Stored data -

--- START ---

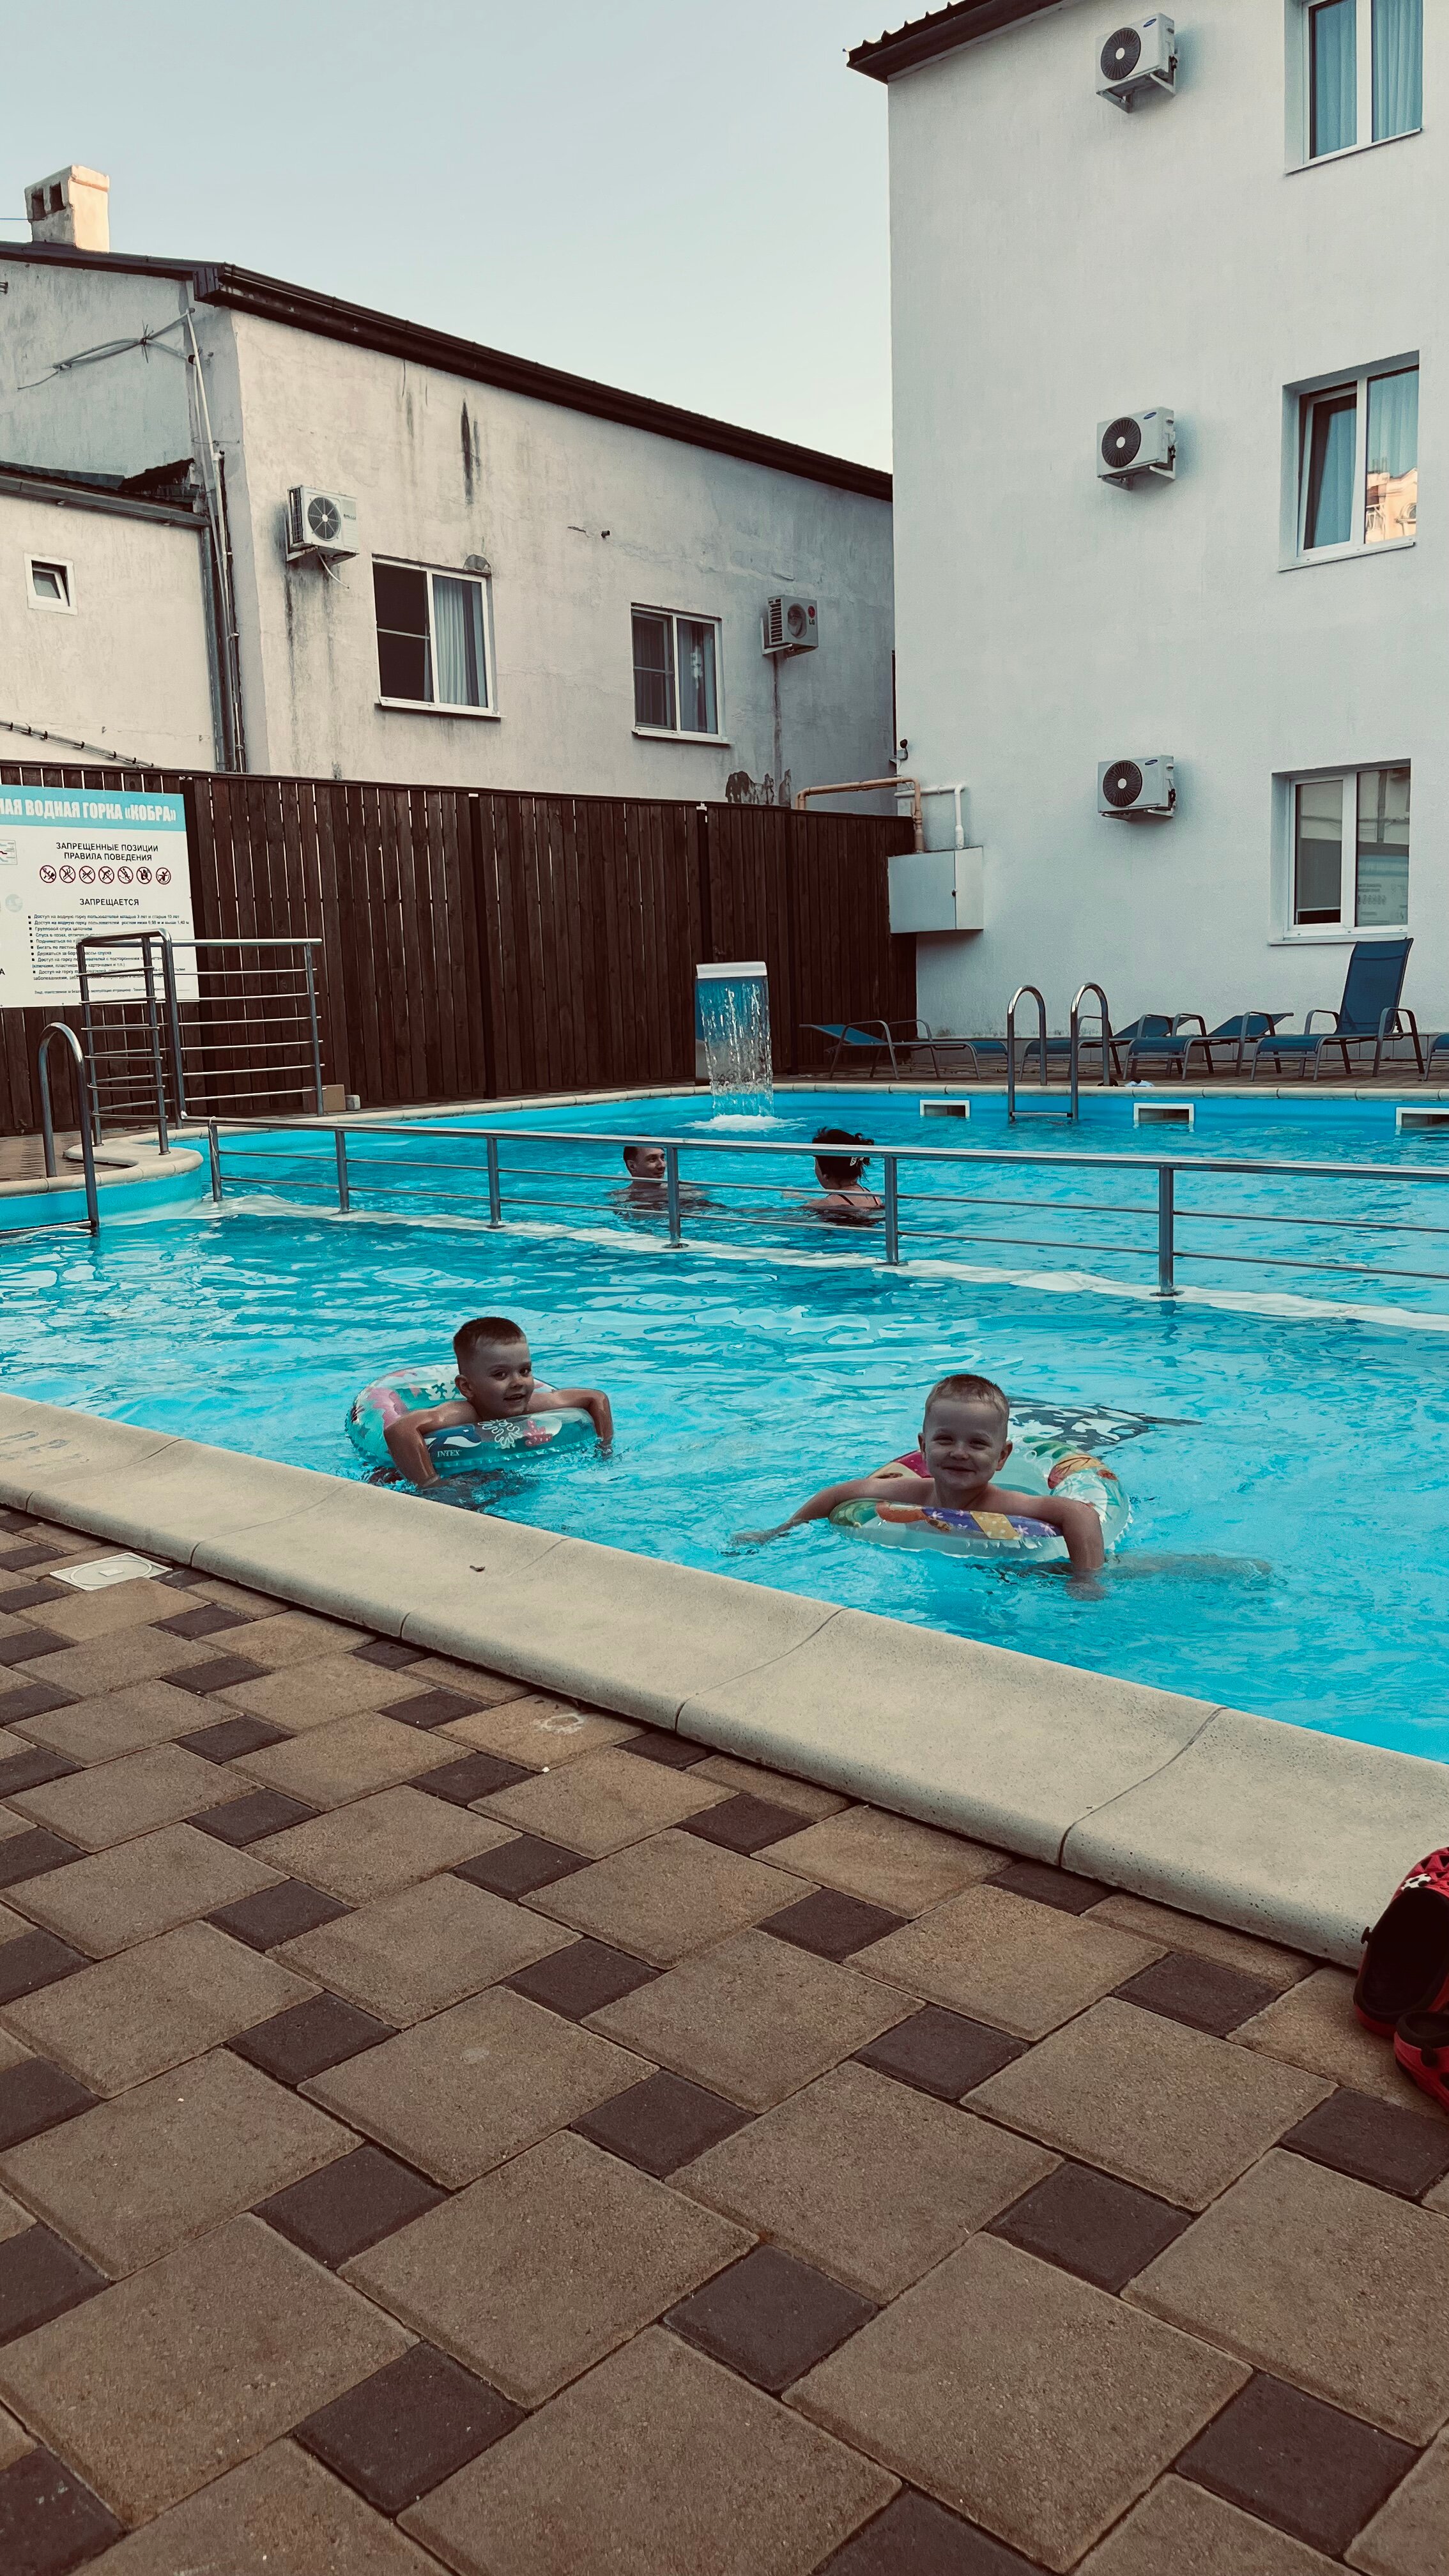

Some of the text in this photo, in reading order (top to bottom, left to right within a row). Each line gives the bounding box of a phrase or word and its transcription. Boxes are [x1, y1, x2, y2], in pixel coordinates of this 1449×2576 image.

[25, 799, 80, 820] ВОДНАЯ
[82, 802, 123, 820] ГОРКА
[125, 804, 176, 822] «КОБРА»
[56, 842, 158, 852] ЗАПРЕЩЕННЫЕ ПОЗИЦИИ
[104, 853, 152, 862] ПОВЕДЕНИЯ
[79, 898, 139, 907] ЗАПРЕЩАЕТСЯ
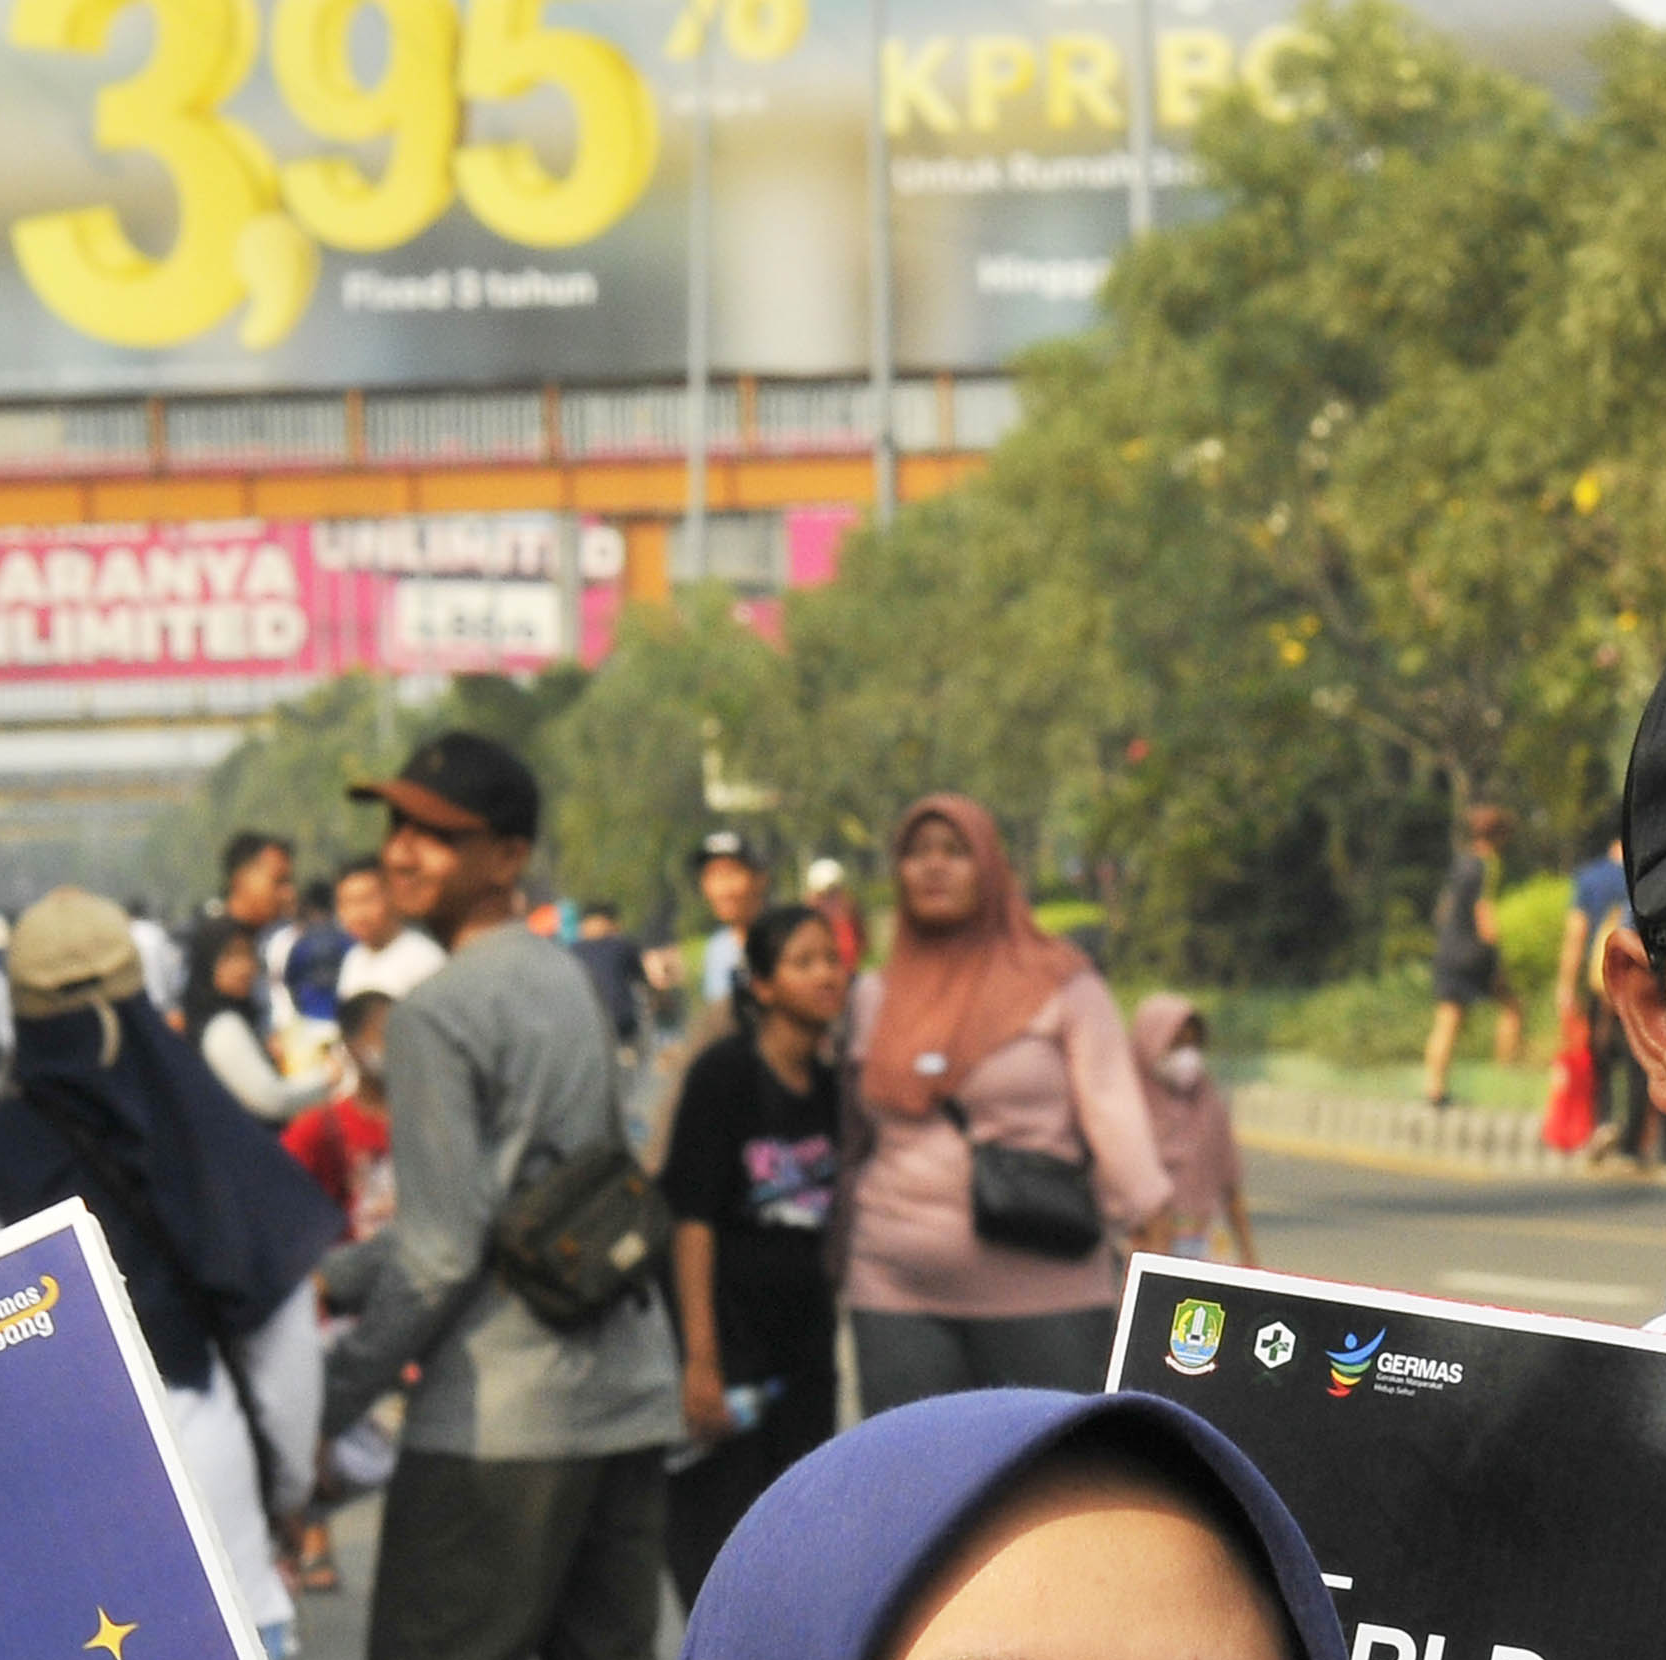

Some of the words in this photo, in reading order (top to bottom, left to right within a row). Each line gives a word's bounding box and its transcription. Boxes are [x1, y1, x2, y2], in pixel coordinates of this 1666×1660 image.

--- END ---

Work order -
Retype all entries above verbatim; no pictures belong in the copy.

Solution to the problem -
Some of the text in this photo, in reading order (top to bottom, left to right within a row). Each line gives the bounding box of a phrase or word and its transcription. Boxes are [x1, y1, x2, y2], in pixel coordinates of this 1449×2576 image.

[25, 799, 80, 820] ВОДНАЯ
[82, 802, 123, 820] ГОРКА
[125, 804, 176, 822] «КОБРА»
[56, 842, 158, 852] ЗАПРЕЩЕННЫЕ ПОЗИЦИИ
[104, 853, 152, 862] ПОВЕДЕНИЯ
[79, 898, 139, 907] ЗАПРЕЩАЕТСЯ

Some of the words in this photo, in reading order (top to bottom, left to right within a row). Each line gives a word's bounding box and its transcription. Boxes are [x1, y1, x2, y2], in pixel coordinates of this 1666×1660 image.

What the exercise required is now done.